Data to process =
Segment Open
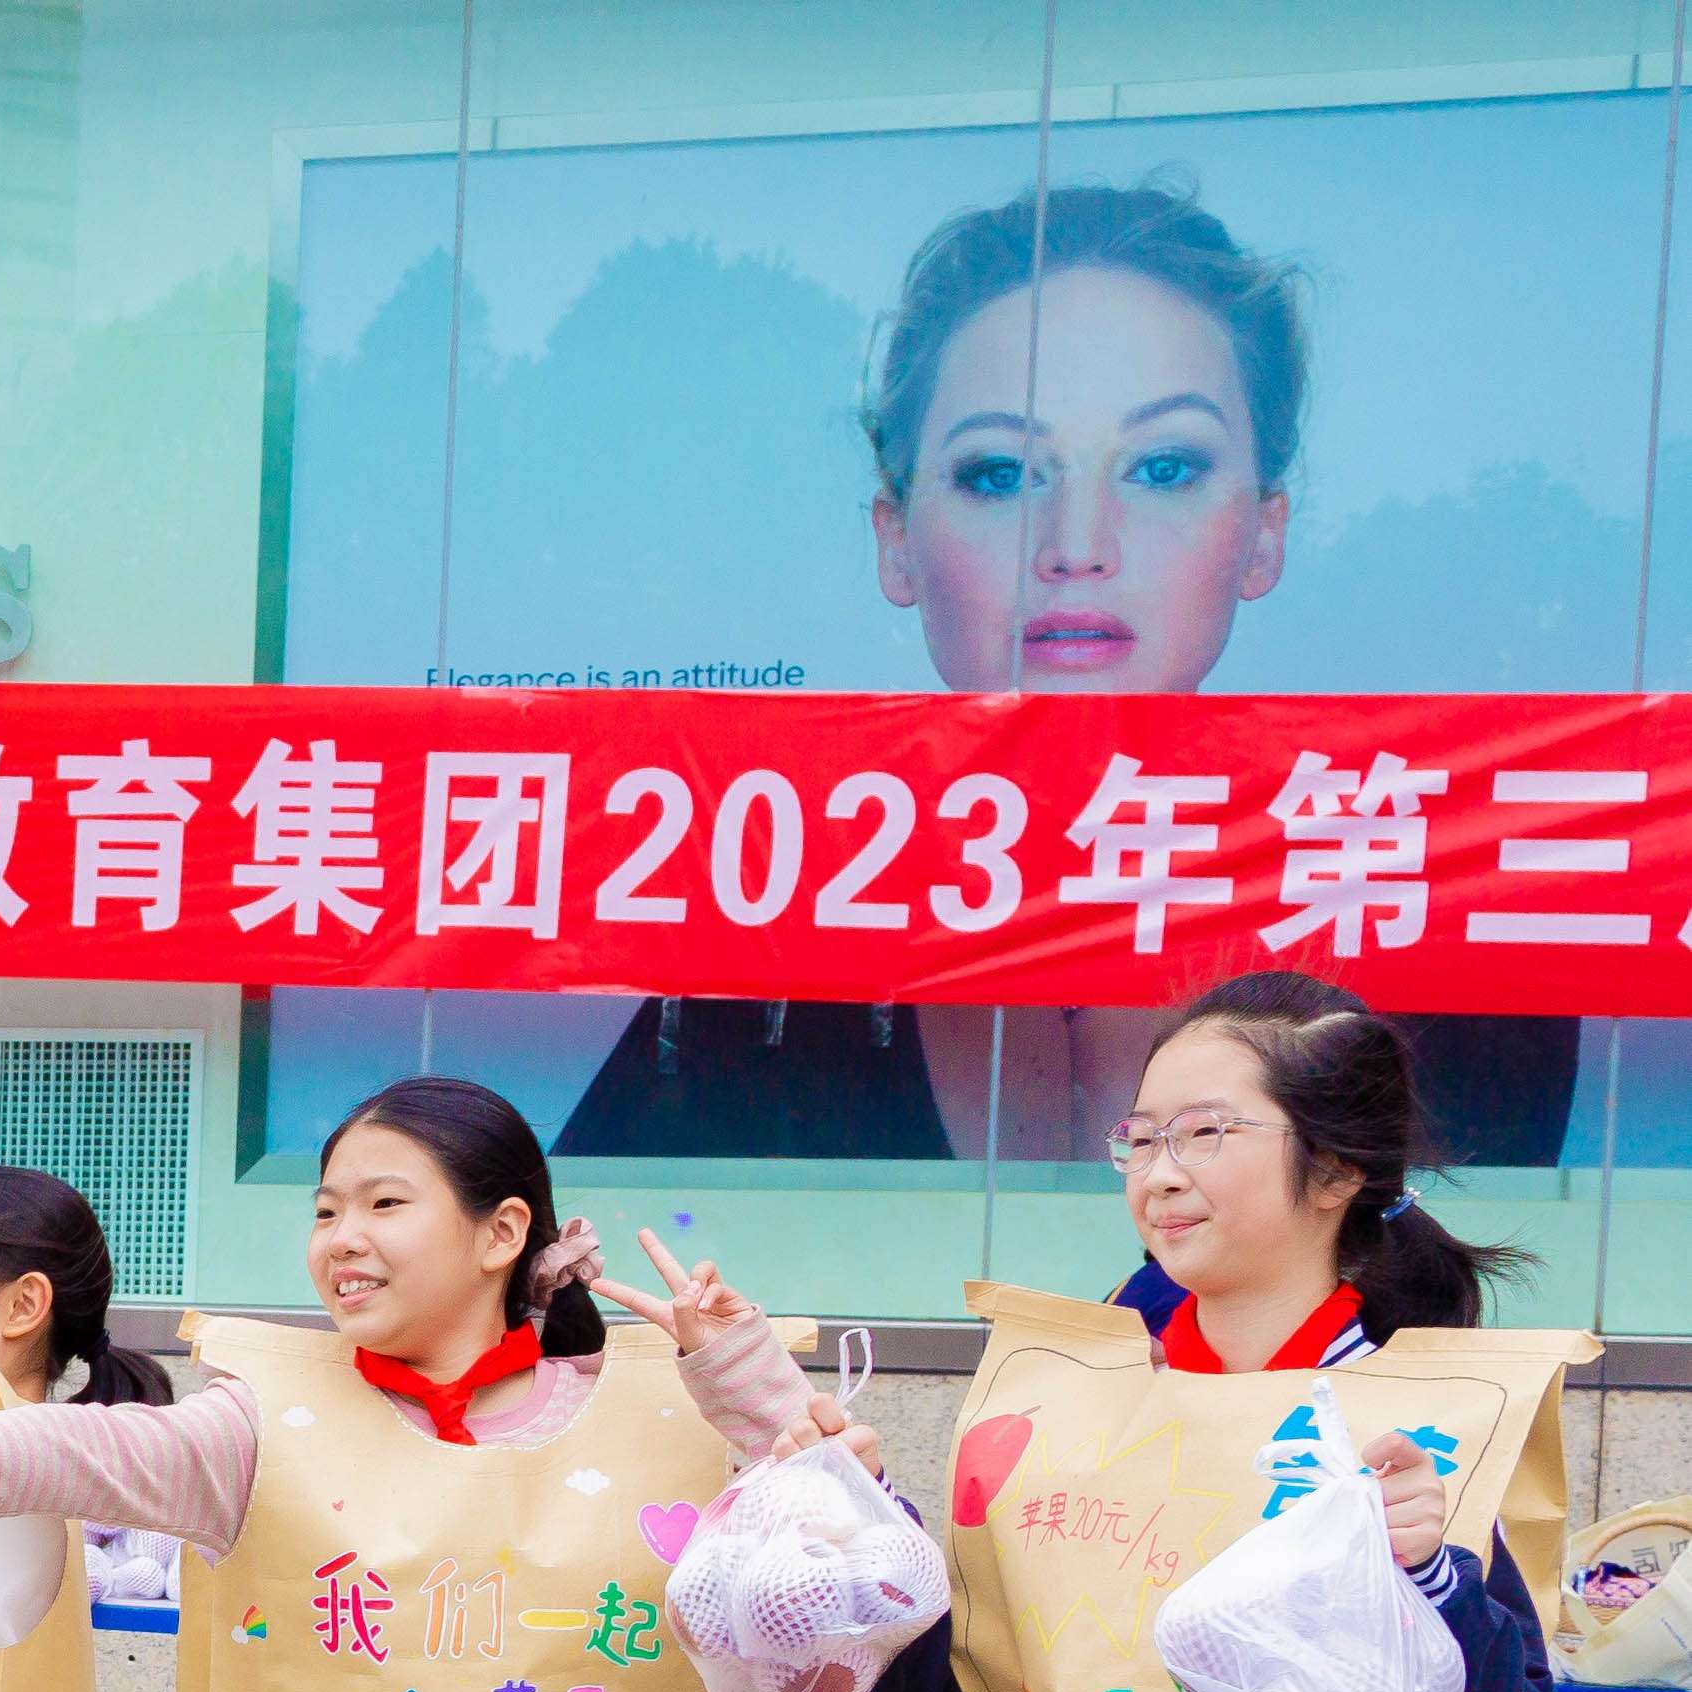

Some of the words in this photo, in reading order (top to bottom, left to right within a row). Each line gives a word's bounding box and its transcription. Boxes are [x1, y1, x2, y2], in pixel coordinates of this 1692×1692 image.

[587, 665, 611, 688] is
[622, 669, 661, 688] an
[672, 659, 805, 688] attitude
[311, 1549, 663, 1668] 我们一起
Segment Closed
Extract the full listing above verbatim; pictures are to be left out of the copy.

Written reply =
Some of the words in this photo, in reading order (top to bottom, left to right within a row). Each line gives a word's bounding box and its transcription. Boxes are [x1, y1, x2, y2], in pixel coordinates of this 1692×1692 image.

[587, 665, 611, 688] is
[622, 669, 661, 688] an
[672, 659, 805, 688] attitude
[311, 1549, 663, 1668] 我们一起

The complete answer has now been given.